If you think the title of The Mummy and the Curse of the Jackals is clumsy, wait until you see the movie. No, really — as the crosswalks for the blind warn aloud every few seconds, wait!

The final film (at least that weren’t X-rated) for Western director Oliver Drake, the tacky Jackals finds archaeologist Dave (Anthony Eisley, The Doll Squad) obsessed with the well-preserved corpse of an Egyptian princess (belly dancer Marliza Pons) with a breastplate apparently made of Cinnabons. Dave asks his pal, Bob (Robert Alan Browne, Psycho III), to lock him inside for the night: “What could possibly happen?” Dave says. “This is Nevada, good ol’ USA.”

Yeah, even though a full moon is out (I see a bad movie rising), it’s not like he’s gonna catch the curse of the jackals.

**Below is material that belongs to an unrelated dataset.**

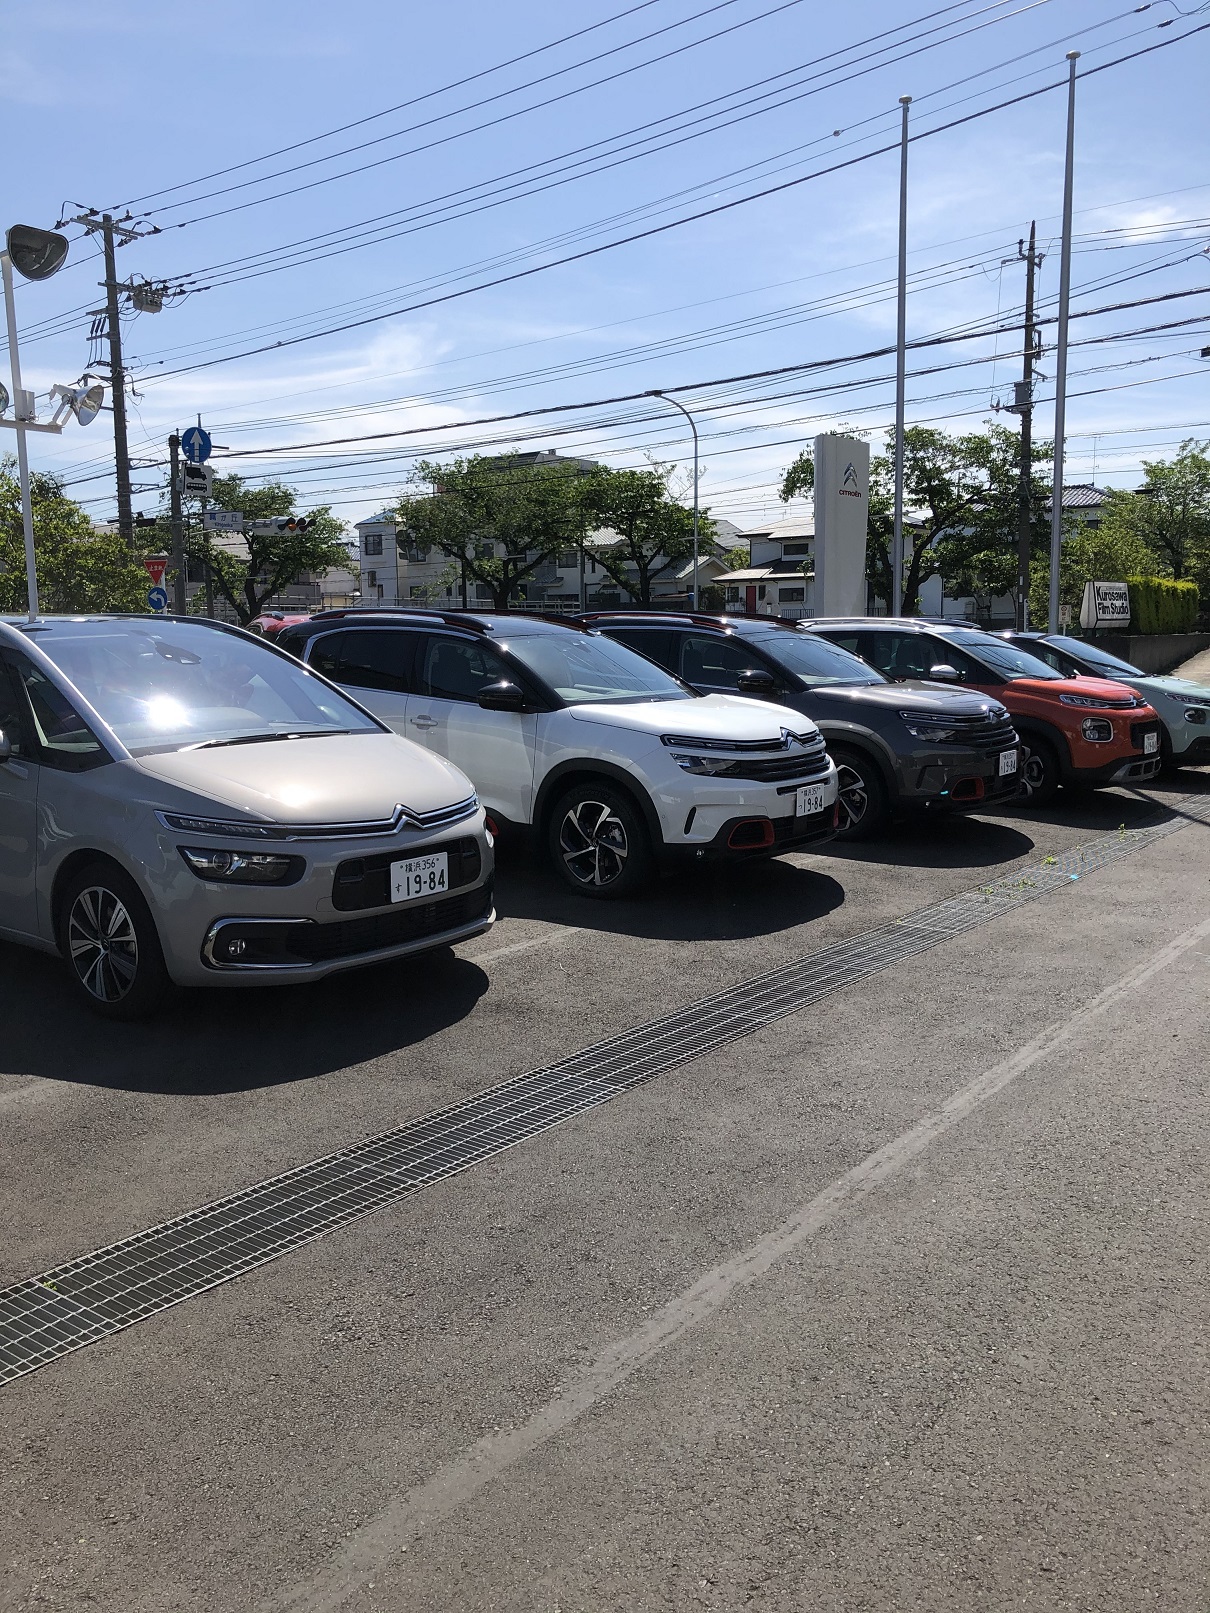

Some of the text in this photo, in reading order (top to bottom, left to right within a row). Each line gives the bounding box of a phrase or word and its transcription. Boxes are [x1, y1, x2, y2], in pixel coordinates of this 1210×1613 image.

Dave catches the curse of the jackals. This means his hands turn into paws that appear inflated to 45 psi and he dons the werewolf head from the same year’s sexploitation oddity, Dracula (the Dirty Old Man), which shares writer/producer William Edwards. On his first outing, Jackal Dave slays a couple of cops who scream out of sync.

On the plus side, the princess resurrects! Although her face looks like an unfinished clay sculpture, Human Dave is entranced and informs her of double-date plans: “You better change. Bob and Donna want to have dinner with us,” he says, before teaching her about bras. Meeting Bob and Donna (TV actress Maurine Dawson) at a steakhouse, he introduces the pharaoh’s daughter using the nom de plume of Connie: “She’s not from here. She comes from … back east.”

Meanwhile, a pop-eyed mummy (Saul Goldsmith) in grubby bandages awakens, strangles a stripper, busts through a paper-thin wall, interrupts the steakhouse’s stage show, kidnaps Connie and limps down the Vegas strip without a film permit as onlookers laugh. You’ll relate.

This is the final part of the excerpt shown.